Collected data
⁂

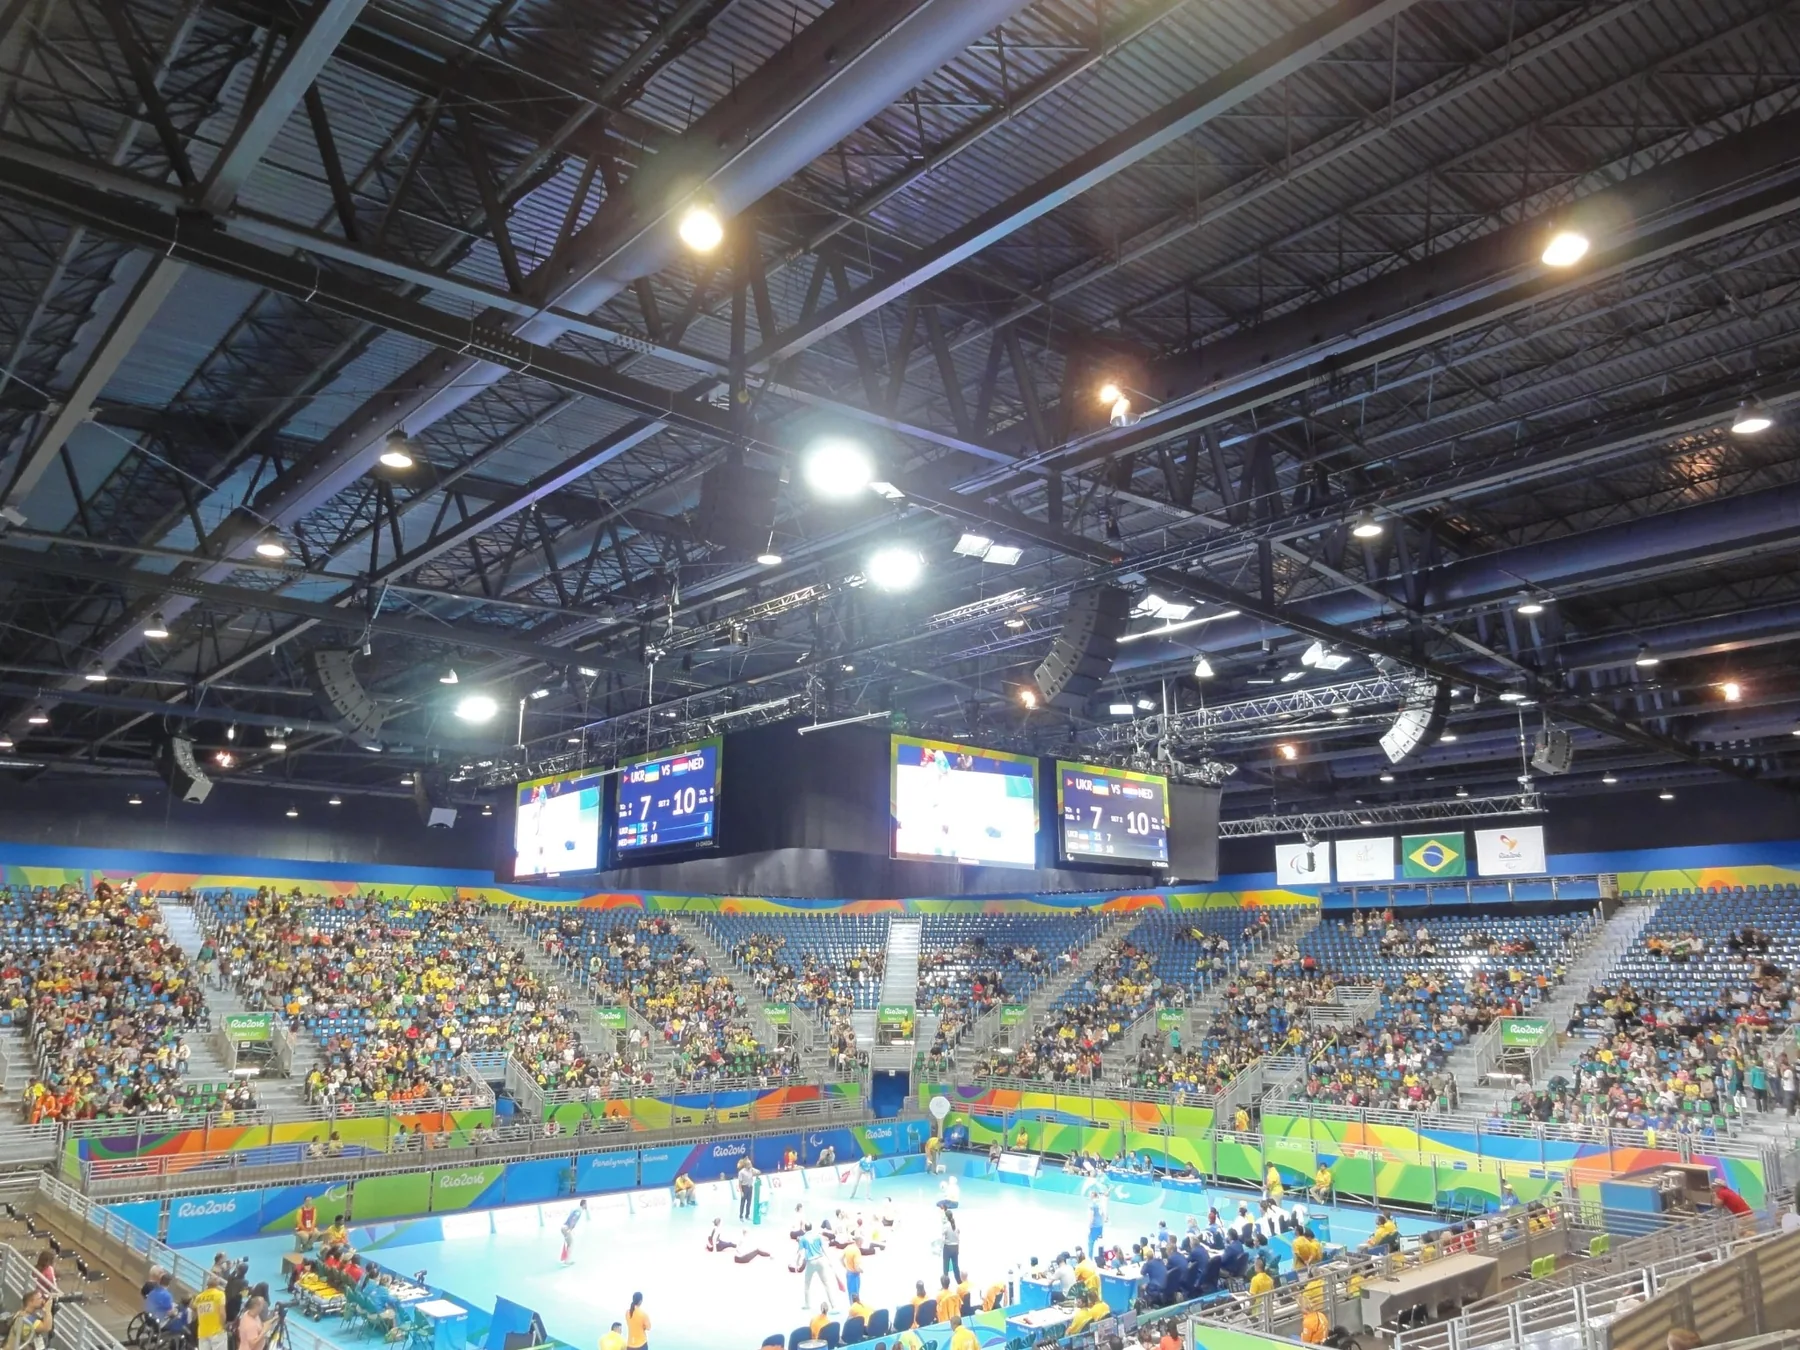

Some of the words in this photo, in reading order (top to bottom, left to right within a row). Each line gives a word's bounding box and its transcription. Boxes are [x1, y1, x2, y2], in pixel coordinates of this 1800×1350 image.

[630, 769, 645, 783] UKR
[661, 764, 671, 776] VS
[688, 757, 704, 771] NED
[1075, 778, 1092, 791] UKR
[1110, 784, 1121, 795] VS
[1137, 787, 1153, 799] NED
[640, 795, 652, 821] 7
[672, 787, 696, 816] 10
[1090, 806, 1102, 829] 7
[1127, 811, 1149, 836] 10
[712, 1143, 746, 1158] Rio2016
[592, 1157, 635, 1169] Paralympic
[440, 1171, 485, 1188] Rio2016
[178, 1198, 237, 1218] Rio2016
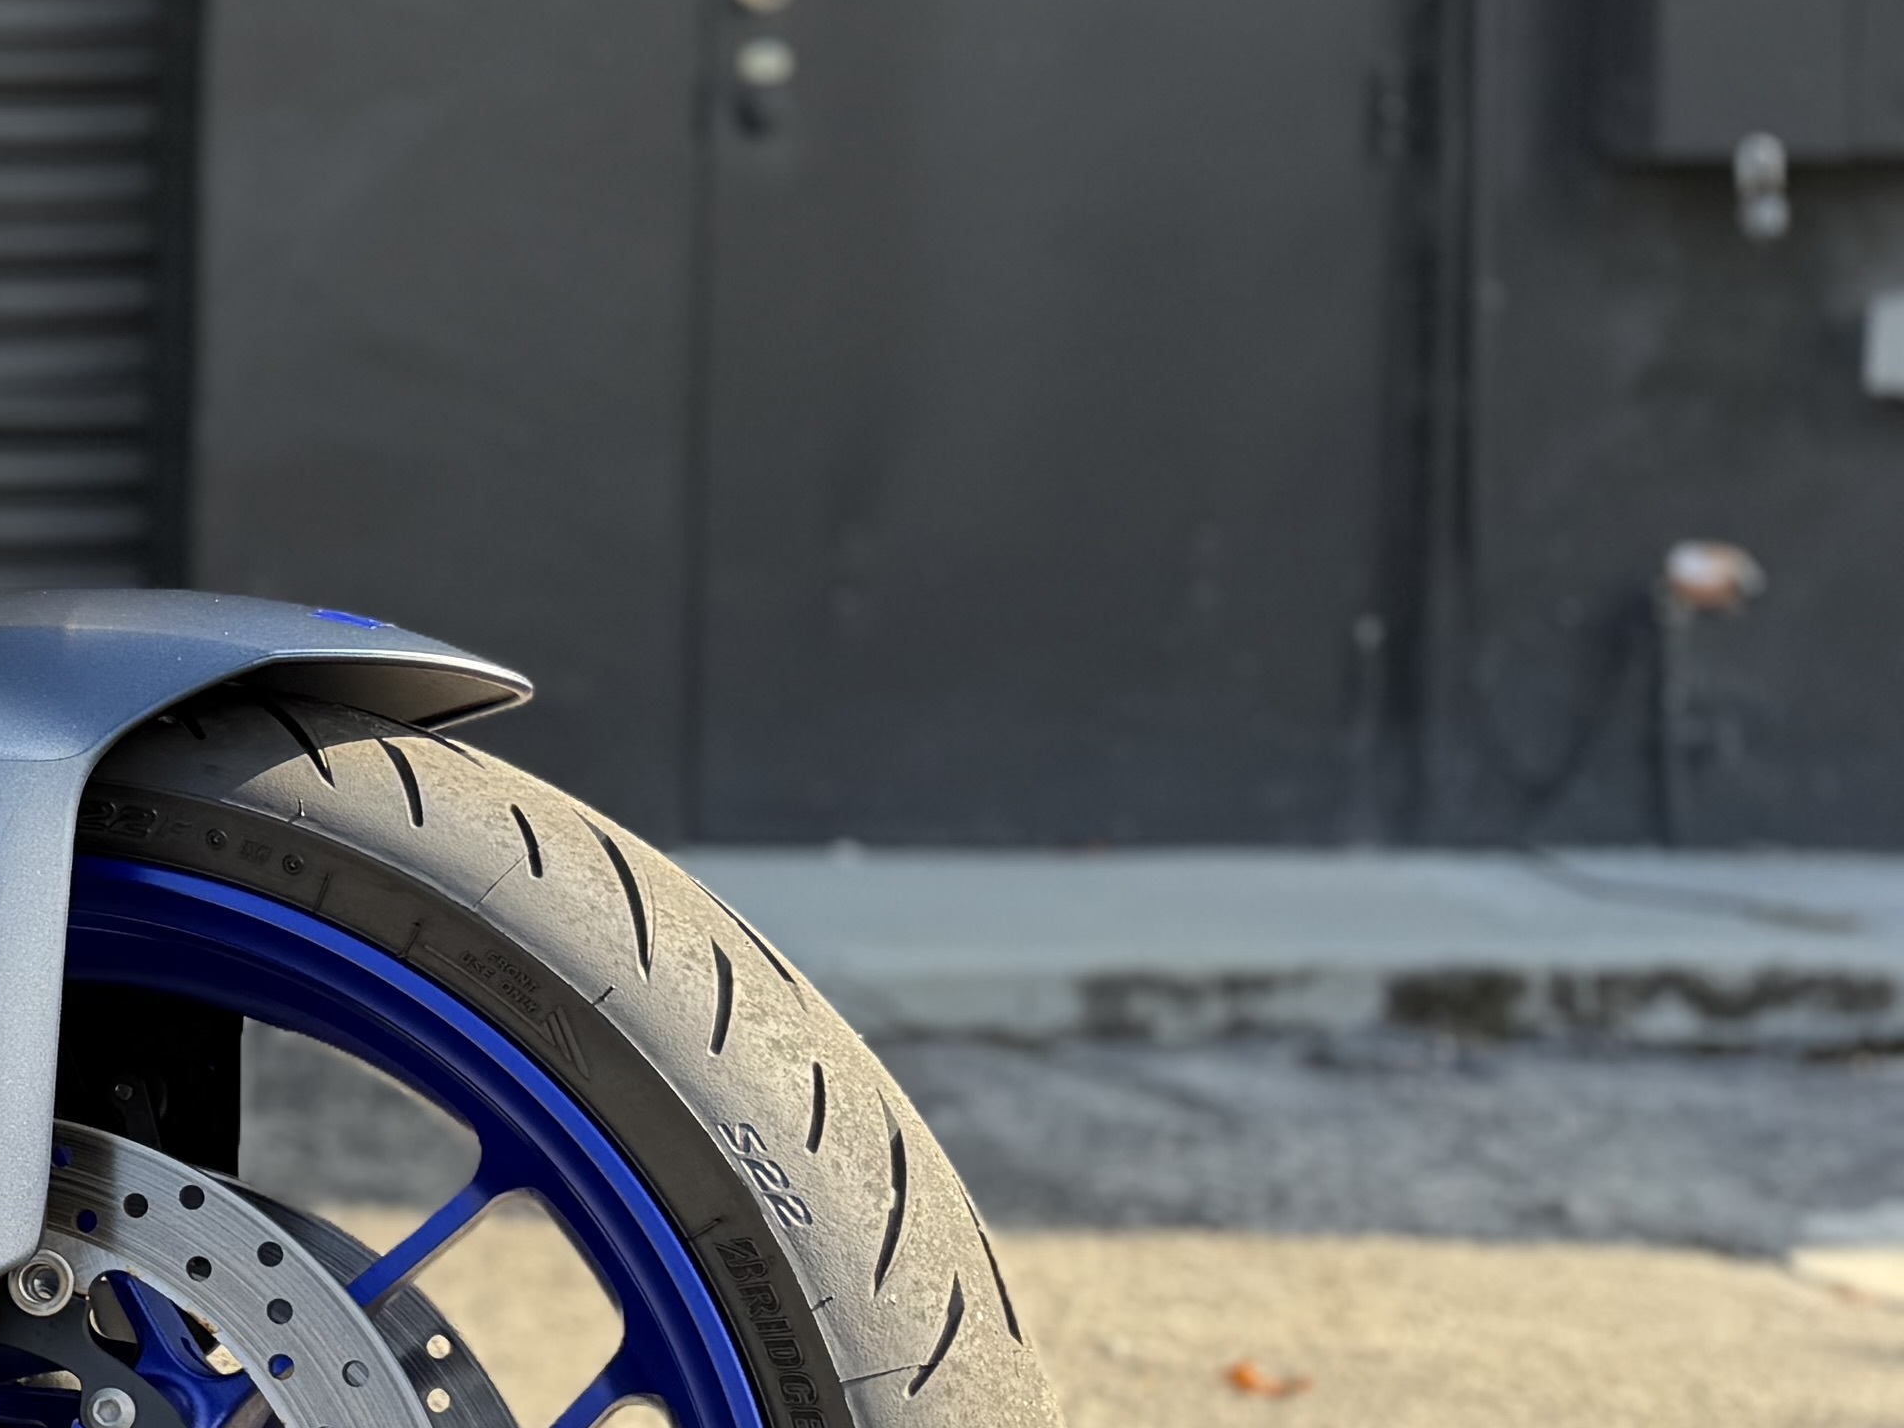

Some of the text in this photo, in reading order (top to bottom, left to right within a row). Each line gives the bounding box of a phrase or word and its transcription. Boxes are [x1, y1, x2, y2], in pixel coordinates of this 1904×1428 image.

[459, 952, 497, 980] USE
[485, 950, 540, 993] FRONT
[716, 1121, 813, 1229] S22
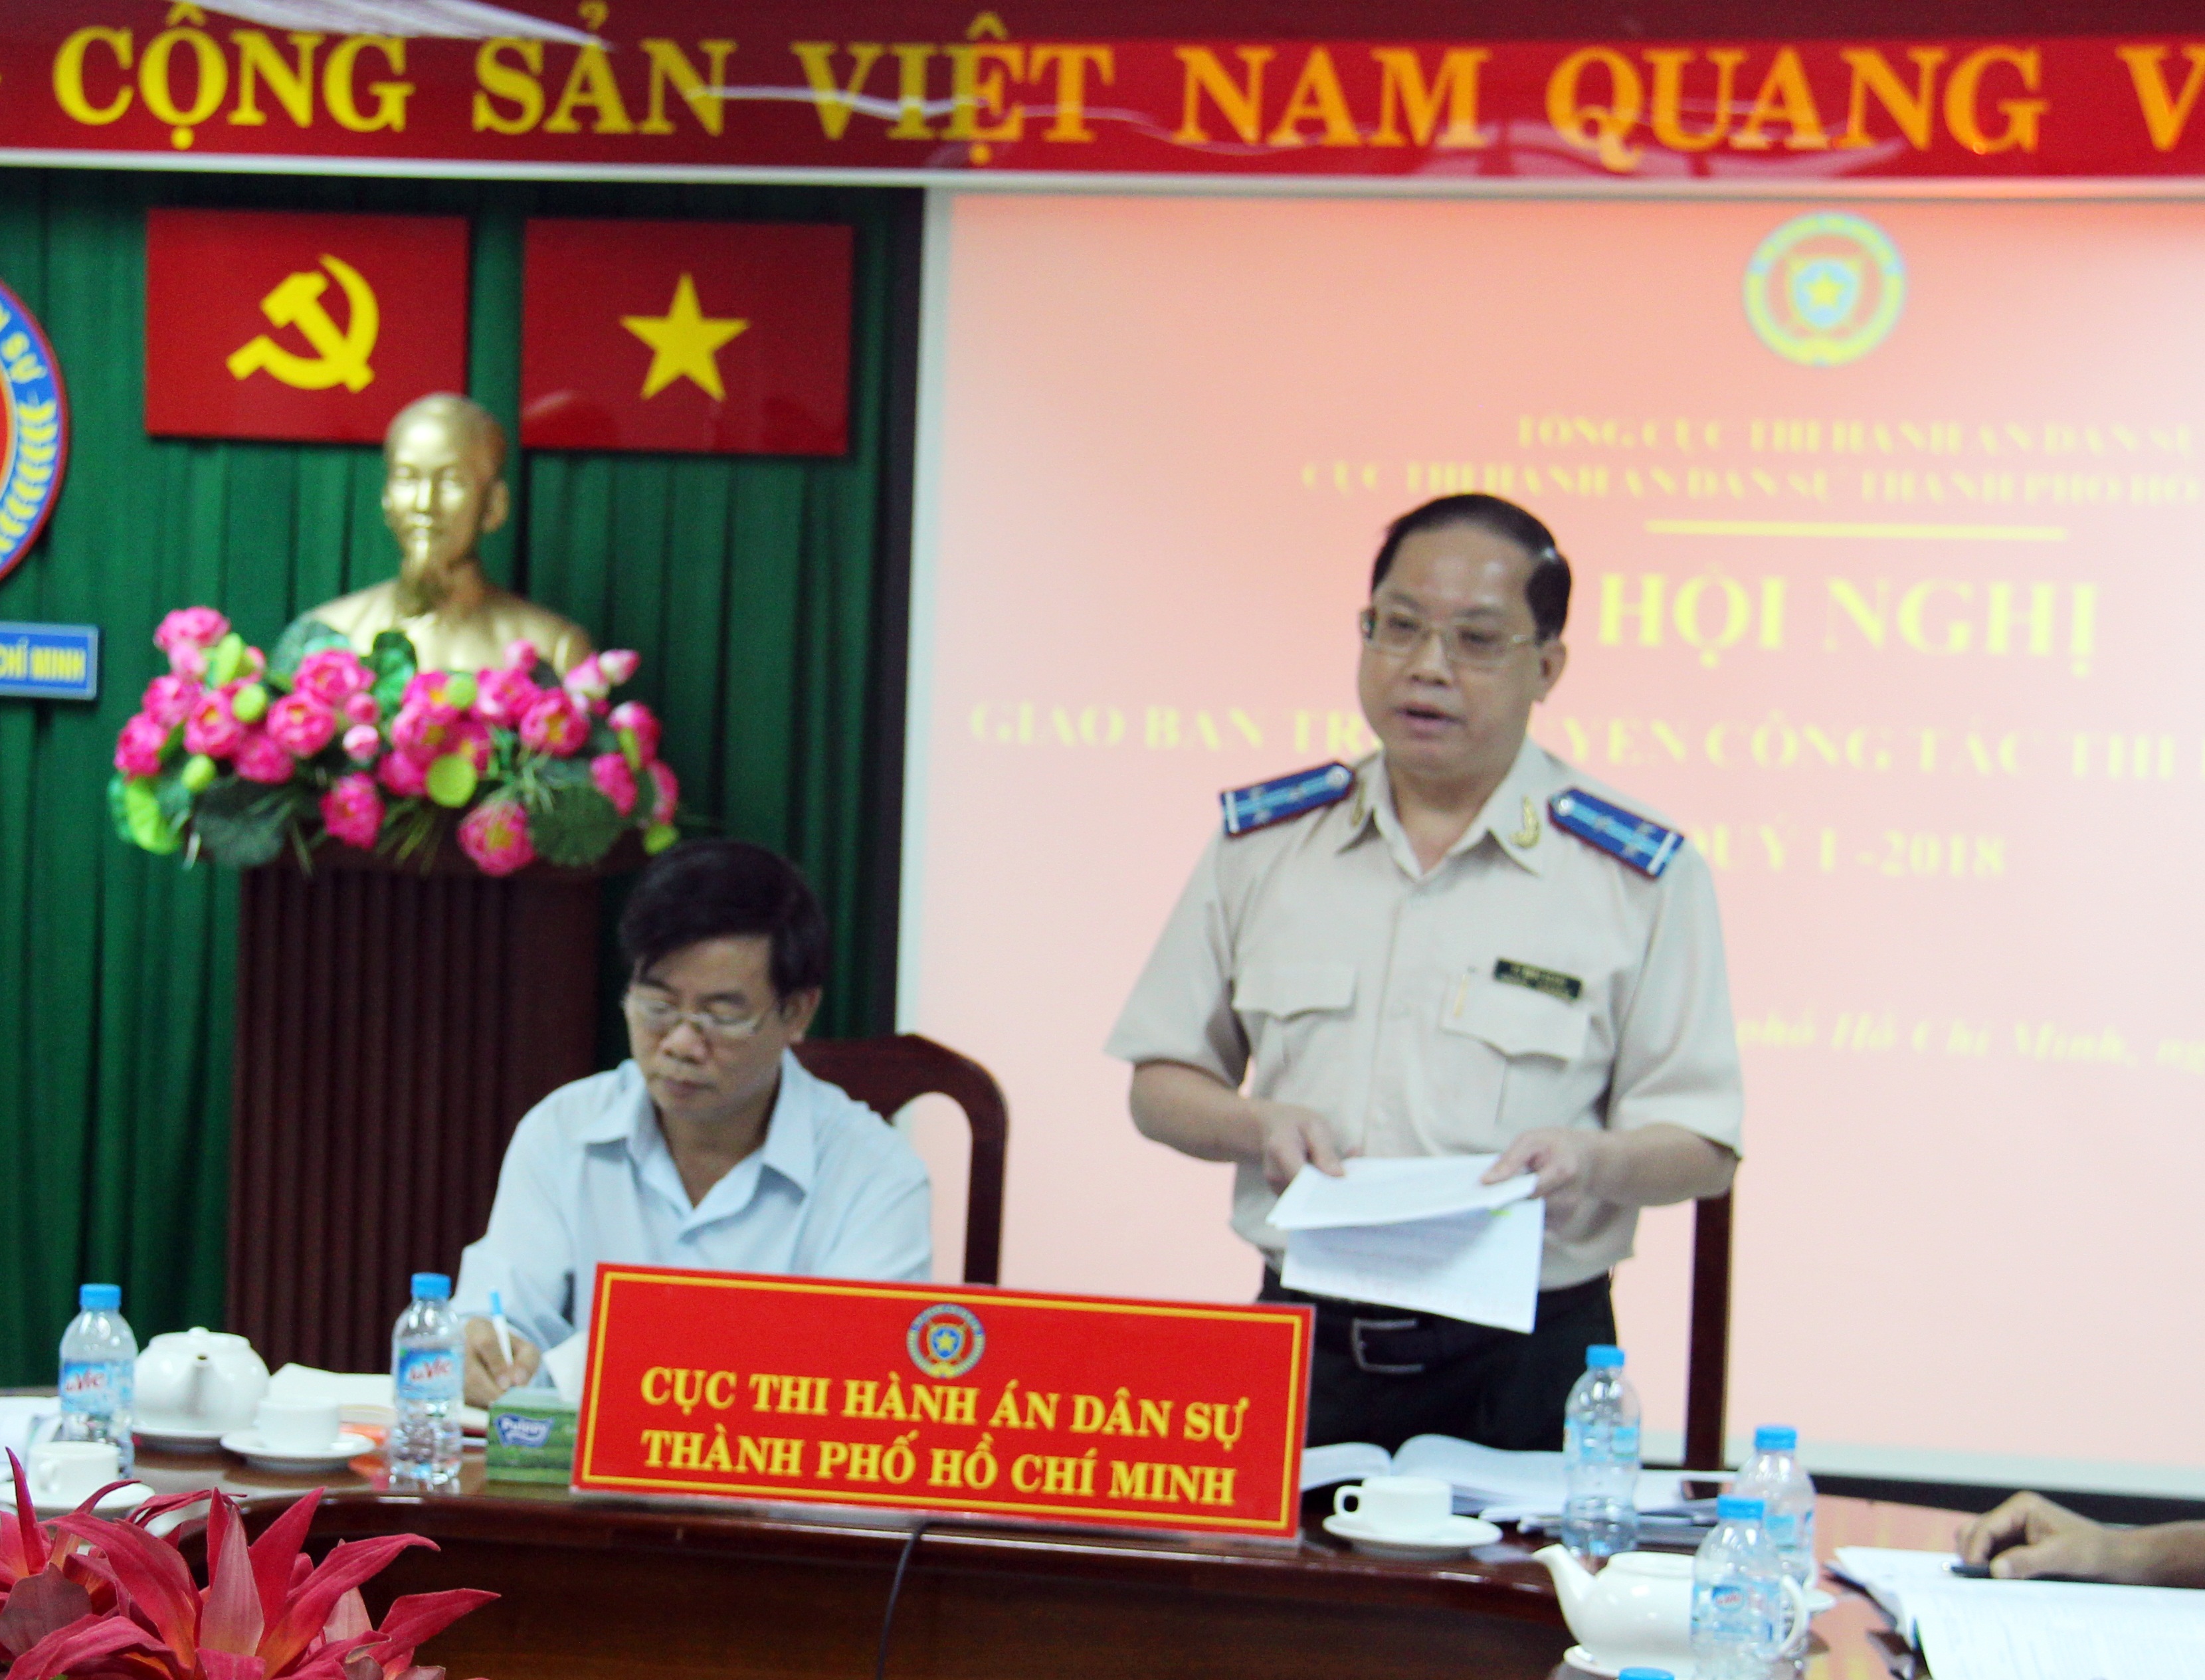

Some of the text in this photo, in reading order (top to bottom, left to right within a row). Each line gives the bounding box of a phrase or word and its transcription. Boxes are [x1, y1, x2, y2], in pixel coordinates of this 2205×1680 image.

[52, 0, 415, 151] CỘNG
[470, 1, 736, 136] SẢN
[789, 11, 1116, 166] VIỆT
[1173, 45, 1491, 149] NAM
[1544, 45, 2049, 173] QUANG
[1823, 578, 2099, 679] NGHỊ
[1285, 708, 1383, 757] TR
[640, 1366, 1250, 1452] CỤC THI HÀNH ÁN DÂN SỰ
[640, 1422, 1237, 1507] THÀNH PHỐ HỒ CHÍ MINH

⁂

● Exercise directions:
Exactly the lines from the line that contains "this 1904×1428 image." through the last line above, and no other lines, must be output, with pictures excluded.

● Problem solution:
Some of the text in this photo, in reading order (top to bottom, left to right within a row). Each line gives the bounding box of a phrase or word and its transcription. Boxes are [x1, y1, x2, y2], in pixel coordinates of this 1904×1428 image.

[459, 952, 497, 980] USE
[485, 950, 540, 993] FRONT
[716, 1121, 813, 1229] S22

Some of the text in this photo, in reading order (top to bottom, left to right within a row). Each line gives the bounding box of a phrase or word and its transcription. Boxes are [x1, y1, x2, y2], in pixel coordinates of this 2205×1680 image.

[52, 0, 415, 151] CỘNG
[470, 1, 736, 136] SẢN
[789, 11, 1116, 166] VIỆT
[1173, 45, 1491, 149] NAM
[1544, 45, 2049, 173] QUANG
[1823, 578, 2099, 679] NGHỊ
[1285, 708, 1383, 757] TR
[640, 1366, 1250, 1452] CỤC THI HÀNH ÁN DÂN SỰ
[640, 1422, 1237, 1507] THÀNH PHỐ HỒ CHÍ MINH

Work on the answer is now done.